For the business that I just launched (www.HistoricalResearchUpdate.com), I spend a lot of time looking at titles and abstracts for scholarly journal articles about history.

Not all of them interest me, and the stuff that interests me may not interest others. As with music and movies, we don’t all like the same stuff.

In scouring thousands of articles, I’ve noticed several topics that are my catnip. I will always stop to check these out.

Alfred the Great

Alfred the Great (849-ish – 899) was the King of Wessex and then King of the Anglo-Saxons. He was a well-traveled scholarly warrior and I had a huge crush on him when I was young. We know more about Alfred than other

rulers of his time because he had his own personal biographer, Asser, a Welsh monk.

I previously wrote about Alfred here.

Sea Stuff

Smuggling and fighting and shipwrecks, oh my. Also, I am always amazed by the courage required for early sailors to take off and sail away into the unknown.

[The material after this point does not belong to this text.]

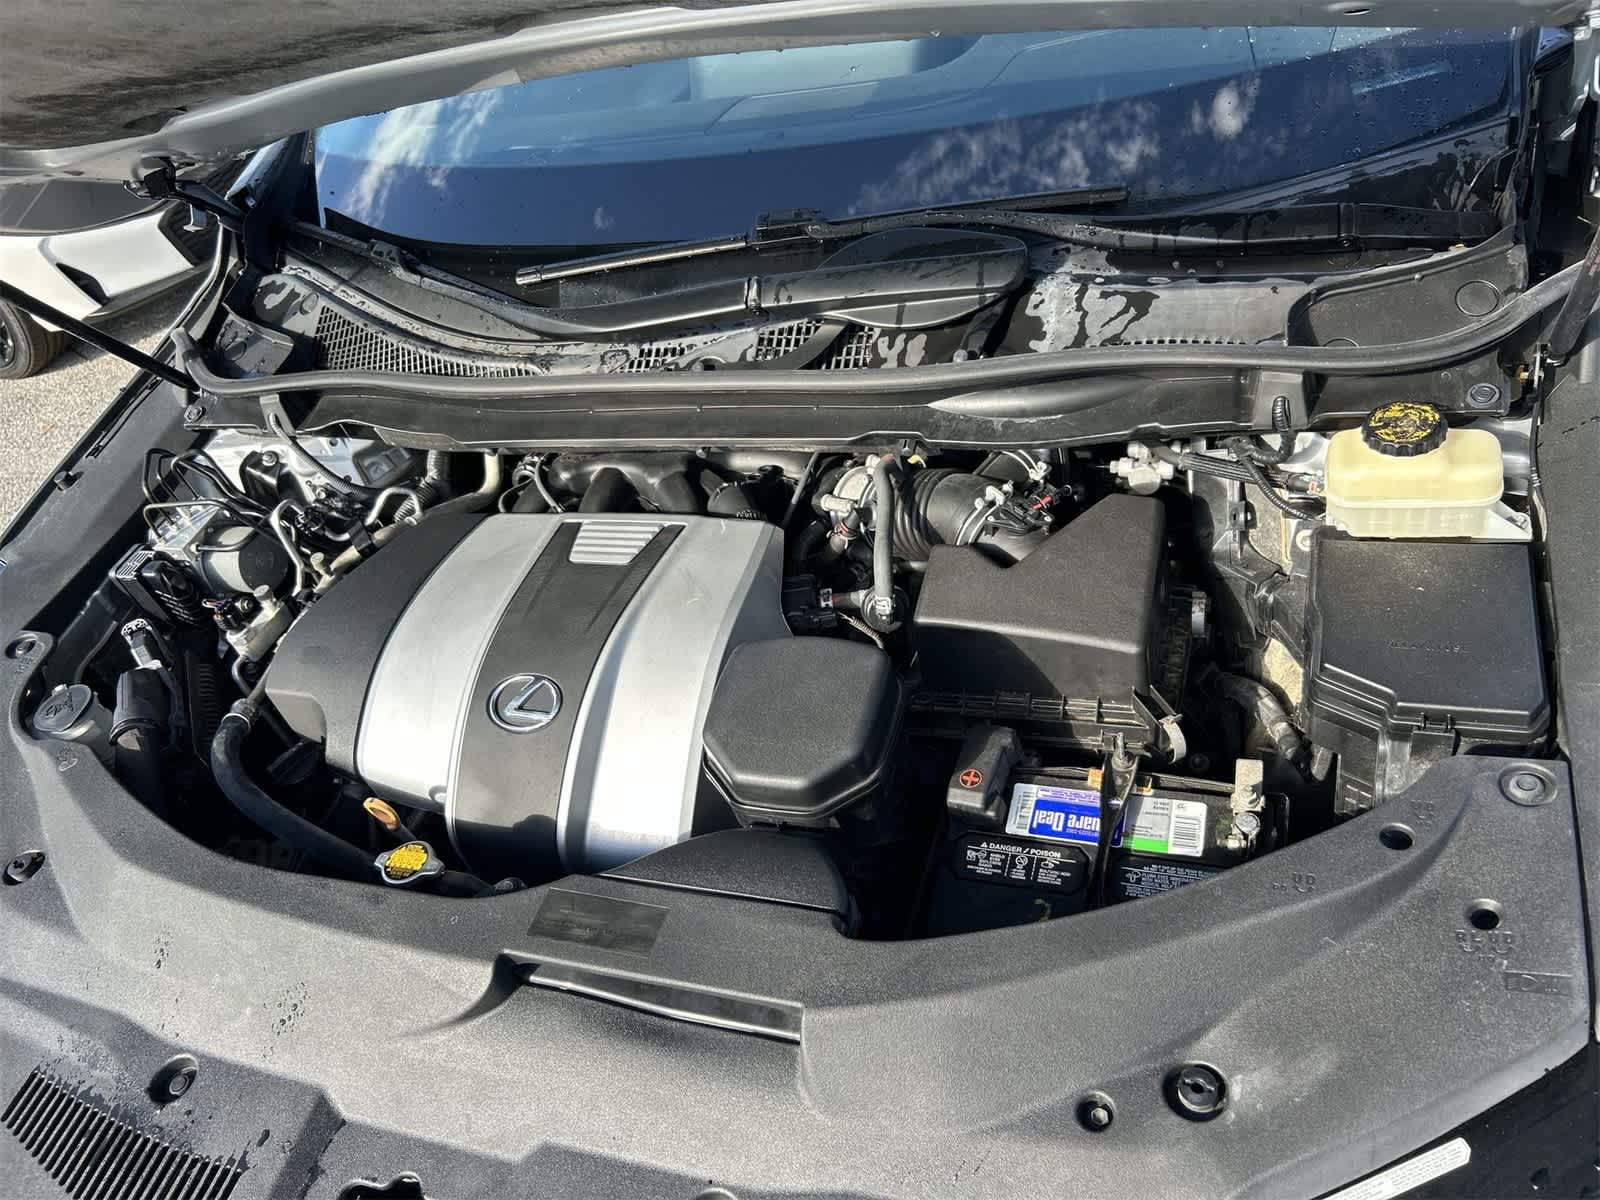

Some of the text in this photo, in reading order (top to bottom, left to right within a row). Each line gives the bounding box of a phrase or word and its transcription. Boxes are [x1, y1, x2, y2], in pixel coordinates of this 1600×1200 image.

I wrote about the nineteenth-century HMS Erebus and the HMS Terror here, with a Breaking News update here. There have been several articles recently about how people back in England were affected by those lost ships and their efforts to find the missing sailors.

Medieval Languedoc and the Cathars

This is a bit of a classic underdog story, with the Catholic Church trying to stamp out people they viewed as heretics. I wrote about the information gained from that attempt here.

Asylums

Now that we have a better understanding of the medical and scientific reasons for people being institutionalized in the past, I see asylums as a measure of how we treat each other as humans. That is not always a pretty picture. That lack of medical and scientific knowledge, along with human nature, led to abuses of the systems that were in place throughout history.

Here’s the story of one “lunatic” who was very productive.

Lobotomy

This fascinates me not just because it was such a barbaric process, but because it is so recent. This is twentieth century horror. And like asylums, I’m saddened by the idea that people who don’t/can’t act the way that others believe they should act need to be “fixed”.

Here is a story about a lobotomy.

So that’s the stuff I can’t pass up. How about you? What are the historical topics that draw you in and make you happy?